I nearly had heart failure reading your letter, it was so divine. I’ve never been so thrilled over reading anything before.

I am sorry to reply on the typewriter, but I am rushing it rather so that I can post it early and you might get it in the morning, darling, long before I arrive down.

I am terrified you might not get the letter, so I won’t say much, but I really do love you darling, and even if this note were lost I wouldn’t care if anyone knew how much I love you.

You hand me the biggest thrills I’ve ever had, my sweet, and all I hope is we can go on being thrilled endlessly.

I adore it when you are sweet and kind to me, as I haven’t had a lot of affection in my life, as you have had. So you see it means a great deal and I feel like suicide when you are angry.

Sometimes when you are furious do try to think of the hell I had to endure with J.B. and then you’ll relent I think.

Don’t be too jealous with me, either, Baby please, as I suffered so much from that too , with him, and after all, if you trust me you won’t need to feel jealous. It absolutely ruined my marriage before, and it leads to all kinds of misery, so do be a bit broadminded. I won’t let you down, God knows why I should when you are so lovely.

I do hope you’ll be well soon, my darling. Take care of yourself for me

All  my love –

Really all


I will read your letter dozens of times when I’m in bed tonight. I couldn’t until then read it, but I was alone as I promised and I drank to you darling.”

Because it is so artless and intimate, and intended for one person only, this letter is probably as close to  Elvira’s authentic voice that we can get. The fact that it appears to have been written in a hurry also adds to its credibility as a true approximation of Elvira’s emotional state in the weeks before the shooting.

As love letters go, it is hardly a literary gem. The image of Elvira as a worldly sophisticate is somewhat dented by its gushing  tone. But the picture it paints is vivid and very revealing.

Here is a woman who is passionate, completely infatuated and desperate for love. She is excitable and given to extremes of mood, She was deeply damaged by her disastrous marriage (JB is John Barney) and has missed out on genuine “affection”. When life goes wrong  she is quick to talk of suicide.All of this is in accordance with what we know of Elvira and bolsters the defence’s portrayal of her. Indeed, the letter was used to that end during the trial. But there are some loose ends.

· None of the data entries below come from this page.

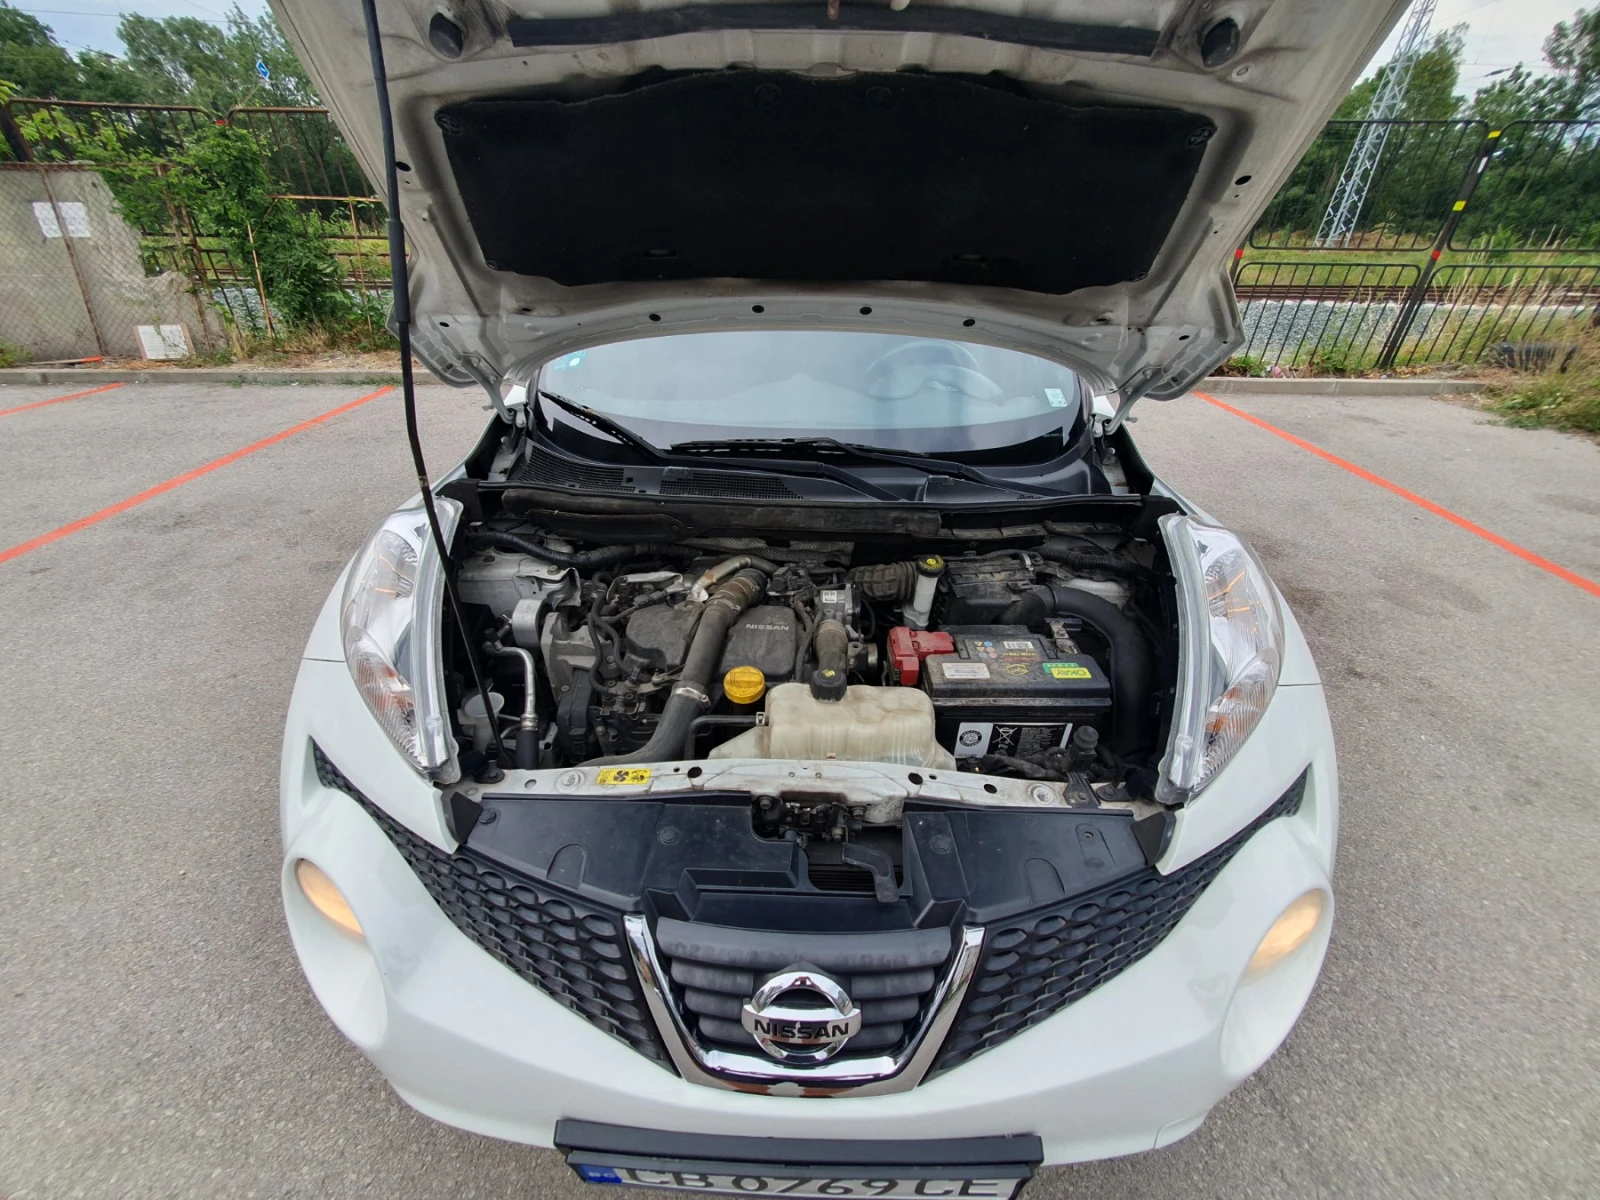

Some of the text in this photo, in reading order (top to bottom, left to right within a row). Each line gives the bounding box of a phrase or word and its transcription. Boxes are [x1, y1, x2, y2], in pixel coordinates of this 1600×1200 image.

[745, 623, 790, 631] NISSAN
[1056, 669, 1088, 677] OKAY
[754, 1019, 849, 1040] NISSAN
[731, 1174, 899, 1198] 0769
[913, 1177, 999, 1198] CE

When was it written? The general assumption was that it was the Tuesday preceding the shooting – which would mean the 25th of May.There is no proof of this though. There had been a huge row between them on the 19th  and this might be part of the making up process, but they rowed so regularly that it could well be earlier. The only “illness” Michael was suffering from that week, as far as we know, was a black-eye that Elvira had given him the week before. I doubt the “get well soon” refers to that.

The aspect of the letter than runs contrary to the narrative at the trial is contained in the phrase “Do try to be a bit broad-minded”. Rather than Elvira being jealous of Michael’s dalliances with other people it is the other way round, or at least mutual. There is also the issue of Michael’s temper. In the witness statements it is Elvira that is usually described as angry and furious, Michael comes across as relatively passive. Is Elvira lying? Unlikely, I would have thought, given the fulsome praise he receives throughout the piece.Of course, if Michael had been seen as just as volatile as Elvira, the story of an accidental shooting while he was trying to remove the gun from a suicidal woman would have sounded less plausible.

Finally, there is the afterword – the image of Elvira, like a love-struck teenager, reading and re-reading Michael’s letter, in bed and with a drink in her hand, rings the truest note of all. I think Michael was the love of her life, giving Elvira sexual satisfaction (“the biggest thrills”)  and the affection she felt had been denied her previously. If she thought that she was losing all that then the fatal row on the 31st May, allowing for Elvira’s history and the intensity of feeling shown in the letter, becomes , if not inevitable, almost predictable.